> _Exercise instructions_:
Down to the last word, output the records below, skipping any images.
┄┄┄┄┄┄┄┄┄┄┄┄┄┄┄┄┄┄┄┄
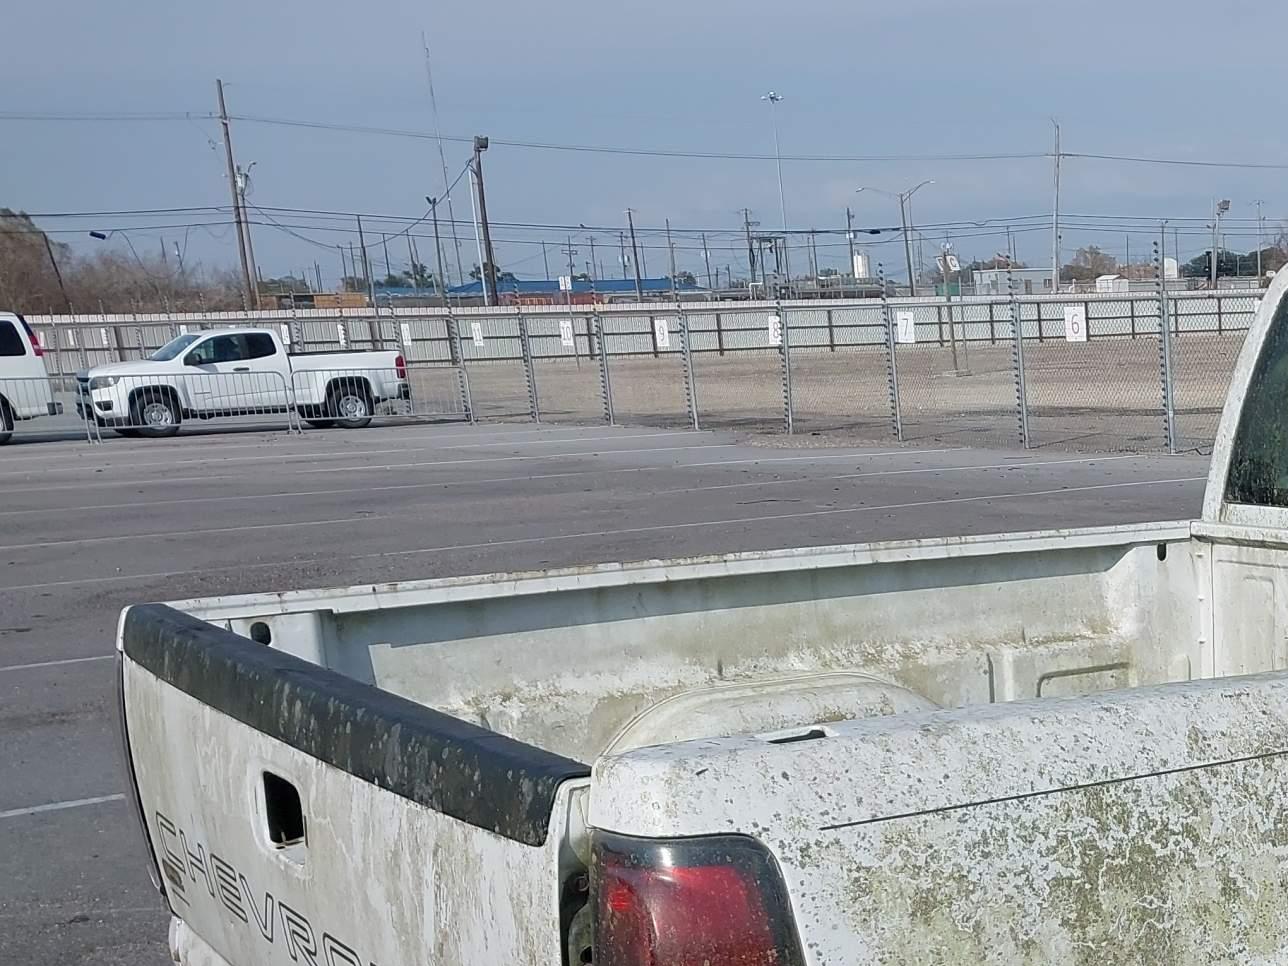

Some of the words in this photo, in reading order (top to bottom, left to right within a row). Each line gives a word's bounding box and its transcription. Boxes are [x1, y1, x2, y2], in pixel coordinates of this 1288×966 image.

[561, 325, 572, 341] 10
[902, 318, 909, 337] 7
[1070, 313, 1080, 335] 6
[658, 325, 665, 342] 9
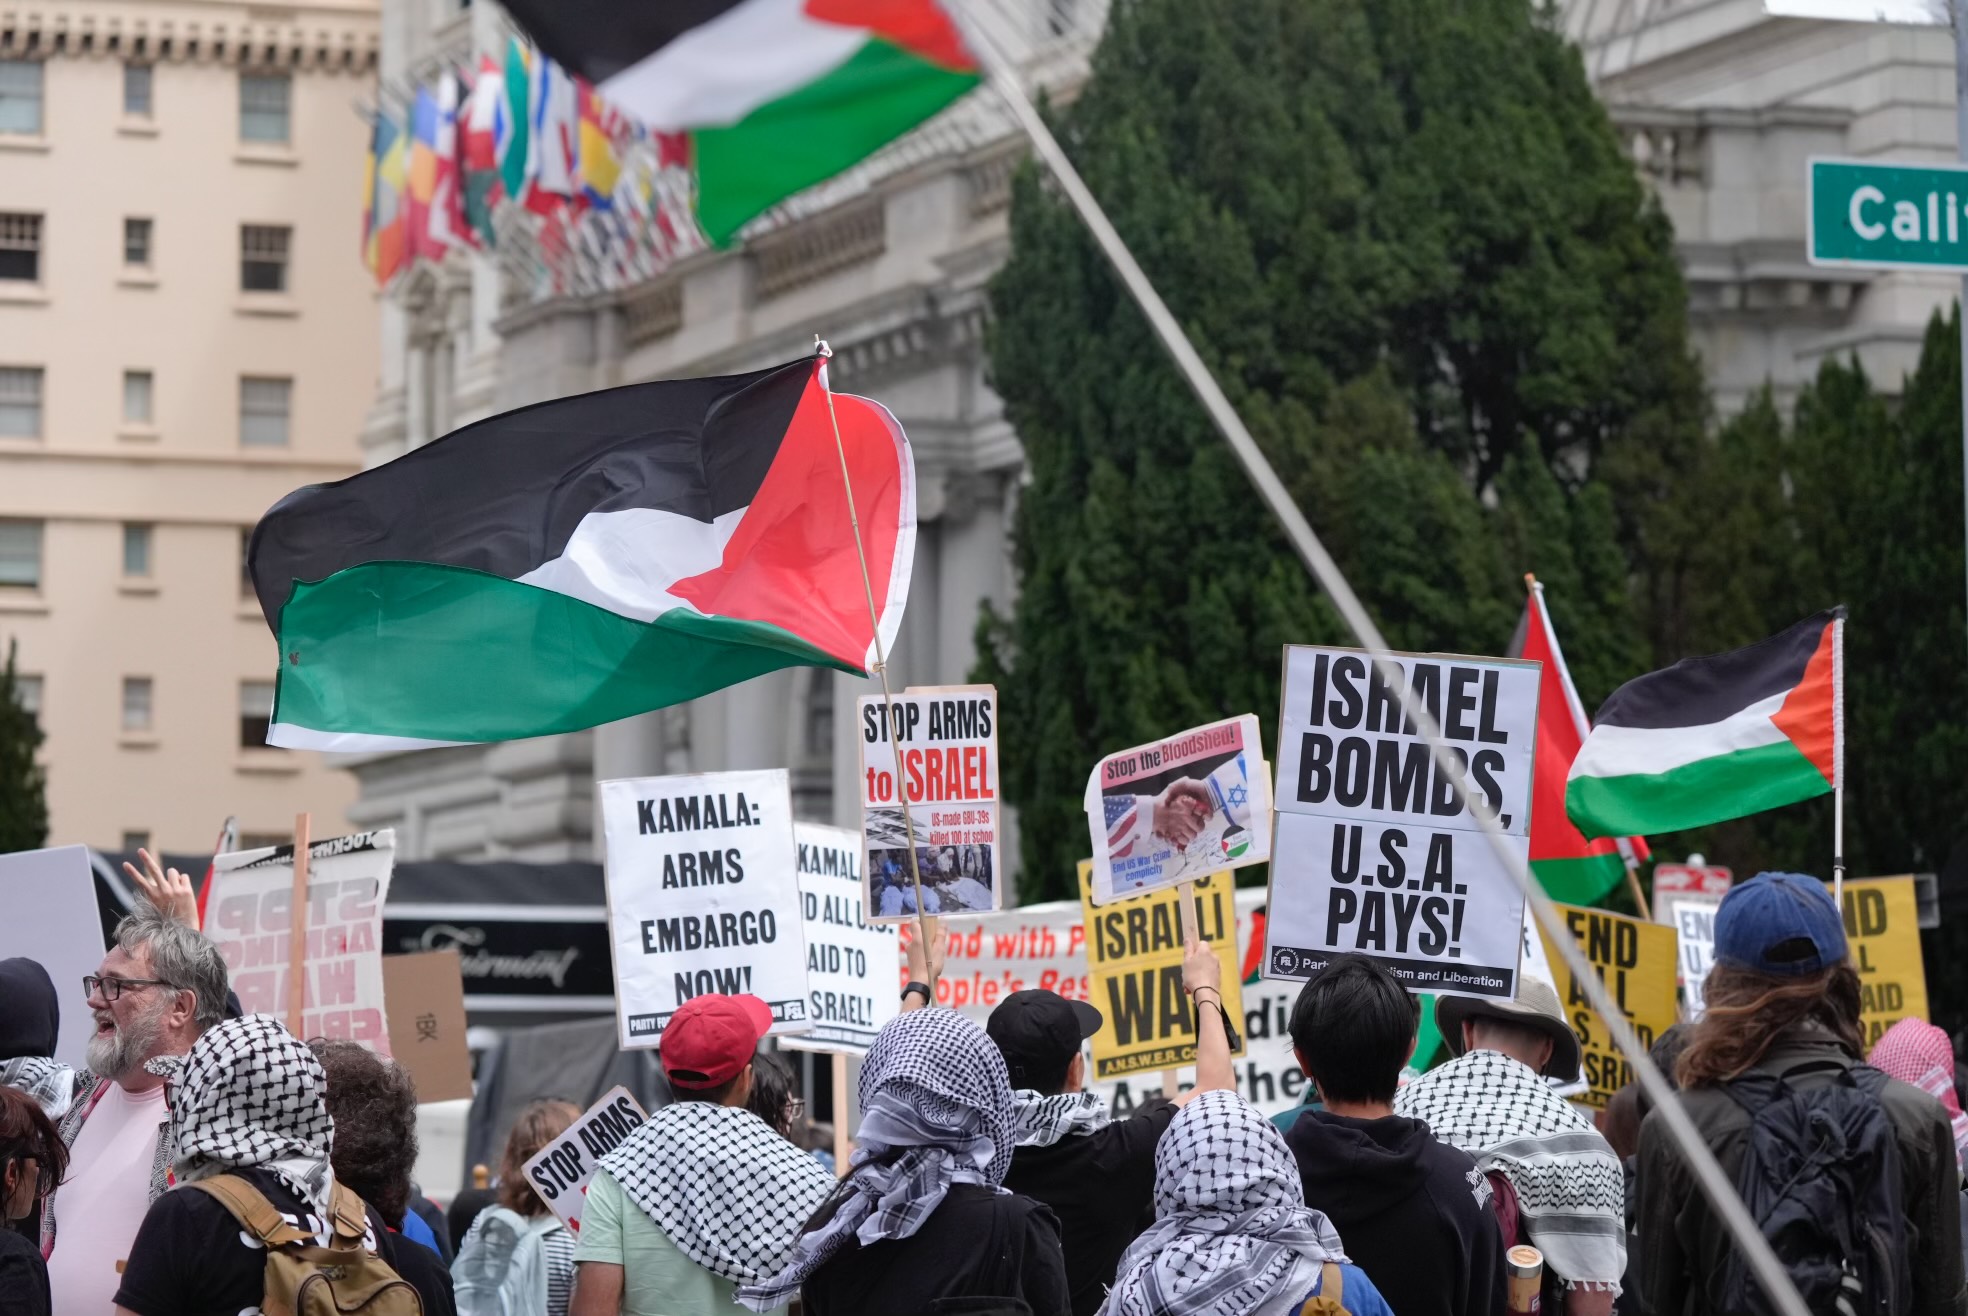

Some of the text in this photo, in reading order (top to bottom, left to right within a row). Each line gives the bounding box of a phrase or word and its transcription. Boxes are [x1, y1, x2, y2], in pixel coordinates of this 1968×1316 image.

[1848, 185, 1968, 243] Cali
[1310, 653, 1508, 745] ISRAEL
[863, 699, 992, 743] STOP ARMS
[1107, 725, 1235, 779] Stop the Bloodshed!
[866, 746, 994, 803] to ISRAEL
[1296, 732, 1512, 830] BOMBS,
[637, 792, 761, 835] KAMALA:
[931, 810, 990, 827] US-made GBU-39s
[929, 830, 950, 846] killed
[951, 830, 963, 844] 100
[964, 830, 971, 843] at
[662, 848, 744, 889] ARMS
[798, 843, 862, 882] KAMAL
[1112, 861, 1126, 873] End
[1127, 858, 1136, 870] US
[1137, 856, 1151, 867] War
[1125, 863, 1163, 882] complicity
[1331, 824, 1468, 895] U.S.A.
[823, 894, 852, 929] ALL
[1325, 887, 1466, 958] PAYS!
[1680, 911, 1714, 942] EN
[641, 909, 776, 954] EMBARGO
[994, 925, 1057, 959] with
[808, 943, 866, 978] AID TO
[1417, 970, 1440, 981] and
[1443, 971, 1504, 988] Liberation
[674, 966, 752, 1006] NOW!
[1862, 981, 1904, 1014] AID
[630, 1014, 670, 1032] PARTY FO
[810, 990, 873, 1027] SRAEL!
[1106, 965, 1195, 1048] WA
[1181, 1046, 1198, 1061] Co
[530, 1096, 644, 1200] STOP ARMS
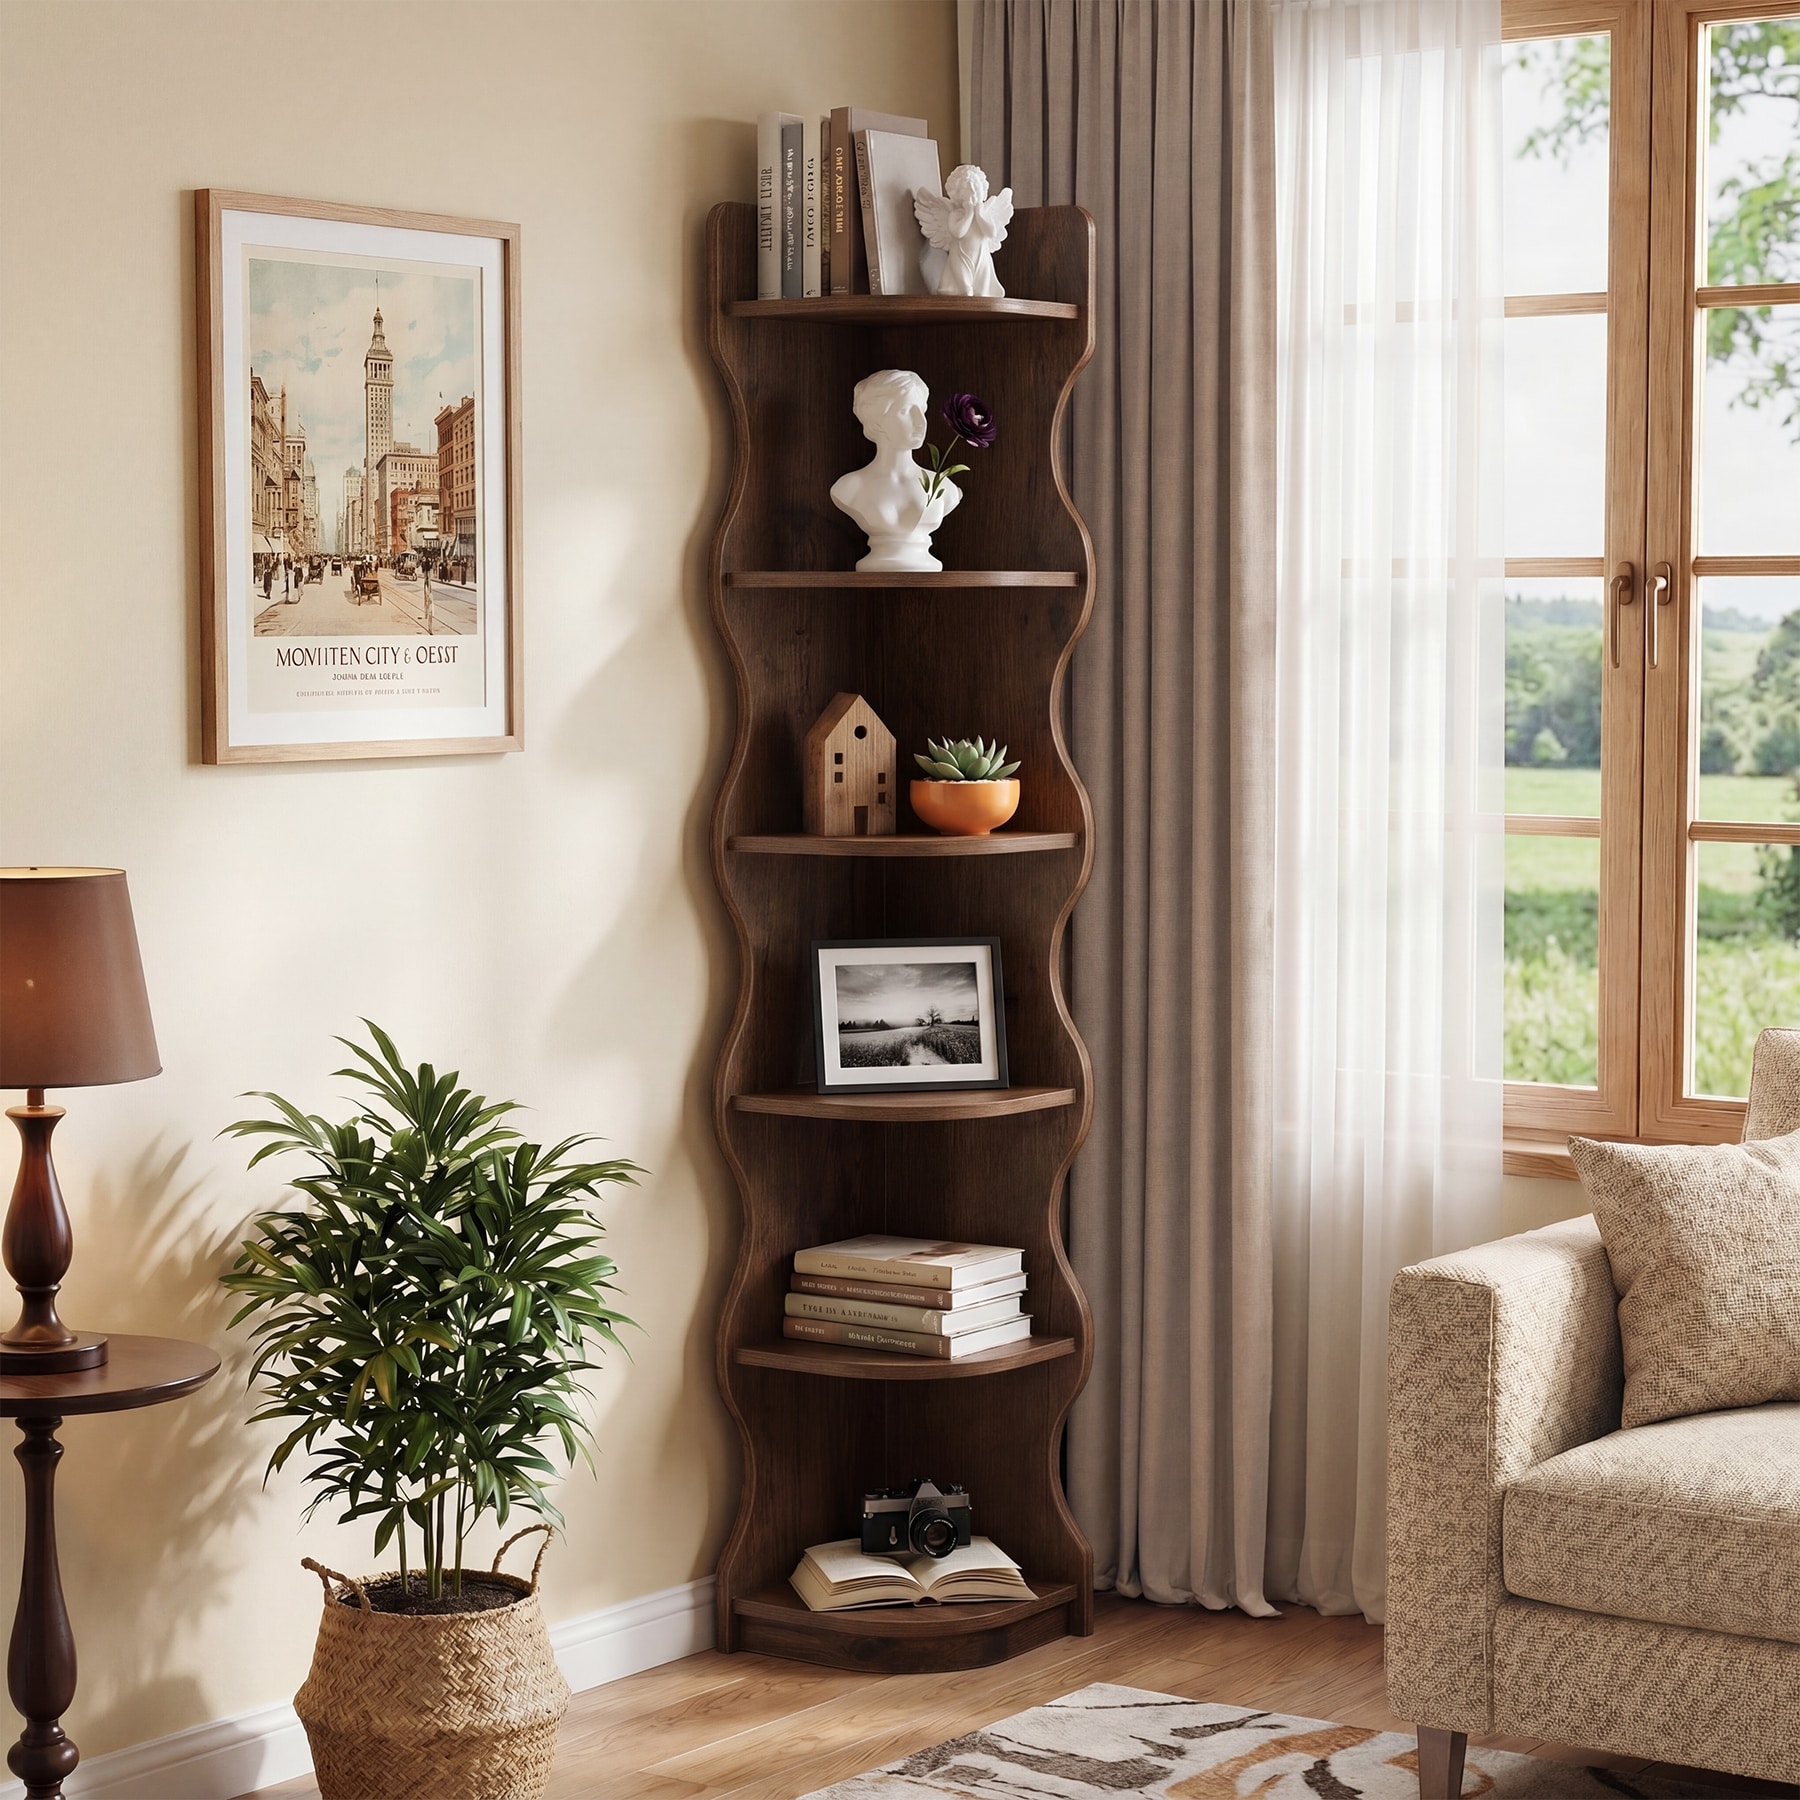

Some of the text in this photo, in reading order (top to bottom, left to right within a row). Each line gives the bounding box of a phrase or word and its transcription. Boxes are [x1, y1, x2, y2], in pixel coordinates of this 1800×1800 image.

[365, 646, 400, 665] CITY
[404, 648, 411, 664] &
[416, 646, 459, 664] OESST
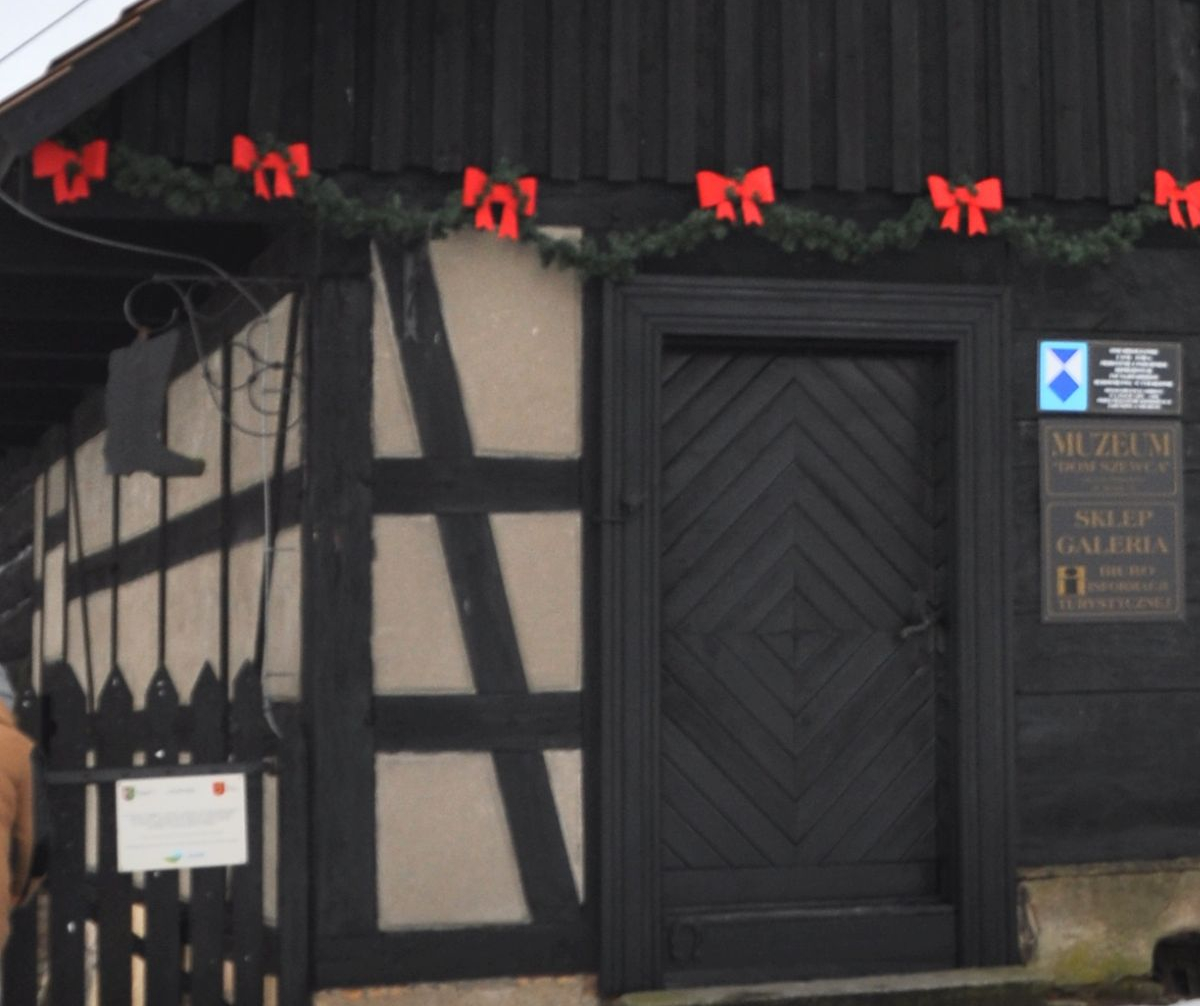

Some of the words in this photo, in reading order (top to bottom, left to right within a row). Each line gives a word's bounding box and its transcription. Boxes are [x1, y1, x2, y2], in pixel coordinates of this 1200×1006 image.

[1051, 431, 1171, 457] MUZEUM
[1074, 509, 1153, 528] SKLEP
[1055, 535, 1169, 555] GALERIA
┄┄┄┄┄┄┄┄┄┄┄┄┄┄┄┄┄┄┄┄
> _Exercise answer_:
Some of the words in this photo, in reading order (top to bottom, left to right within a row). Each line gives a word's bounding box and its transcription. Boxes are [x1, y1, x2, y2], in pixel coordinates of this 1288×966 image.

[561, 325, 572, 341] 10
[902, 318, 909, 337] 7
[1070, 313, 1080, 335] 6
[658, 325, 665, 342] 9

Some of the text in this photo, in reading order (top to bottom, left to right within a row). Each line gives the bounding box of a phrase or word and its transcription. Boxes are [x1, y1, x2, y2], in pixel coordinates of this 1968×1316 image.

[1848, 185, 1968, 243] Cali
[1310, 653, 1508, 745] ISRAEL
[863, 699, 992, 743] STOP ARMS
[1107, 725, 1235, 779] Stop the Bloodshed!
[866, 746, 994, 803] to ISRAEL
[1296, 732, 1512, 830] BOMBS,
[637, 792, 761, 835] KAMALA:
[931, 810, 990, 827] US-made GBU-39s
[929, 830, 950, 846] killed
[951, 830, 963, 844] 100
[964, 830, 971, 843] at
[662, 848, 744, 889] ARMS
[798, 843, 862, 882] KAMAL
[1112, 861, 1126, 873] End
[1127, 858, 1136, 870] US
[1137, 856, 1151, 867] War
[1125, 863, 1163, 882] complicity
[1331, 824, 1468, 895] U.S.A.
[823, 894, 852, 929] ALL
[1325, 887, 1466, 958] PAYS!
[1680, 911, 1714, 942] EN
[641, 909, 776, 954] EMBARGO
[994, 925, 1057, 959] with
[808, 943, 866, 978] AID TO
[1417, 970, 1440, 981] and
[1443, 971, 1504, 988] Liberation
[674, 966, 752, 1006] NOW!
[1862, 981, 1904, 1014] AID
[630, 1014, 670, 1032] PARTY FO
[810, 990, 873, 1027] SRAEL!
[1106, 965, 1195, 1048] WA
[1181, 1046, 1198, 1061] Co
[530, 1096, 644, 1200] STOP ARMS

Some of the text in this photo, in reading order (top to bottom, left to right within a row). Each line gives the bounding box of a phrase or word and its transcription. Boxes are [x1, y1, x2, y2], in pixel coordinates of this 1800×1800 image.

[365, 646, 400, 665] CITY
[404, 648, 411, 664] &
[416, 646, 459, 664] OESST

Some of the words in this photo, in reading order (top to bottom, left to right within a row). Each line gives a word's bounding box and its transcription. Boxes are [x1, y1, x2, y2], in pixel coordinates of this 1200×1006 image.

[1051, 431, 1171, 457] MUZEUM
[1074, 509, 1153, 528] SKLEP
[1055, 535, 1169, 555] GALERIA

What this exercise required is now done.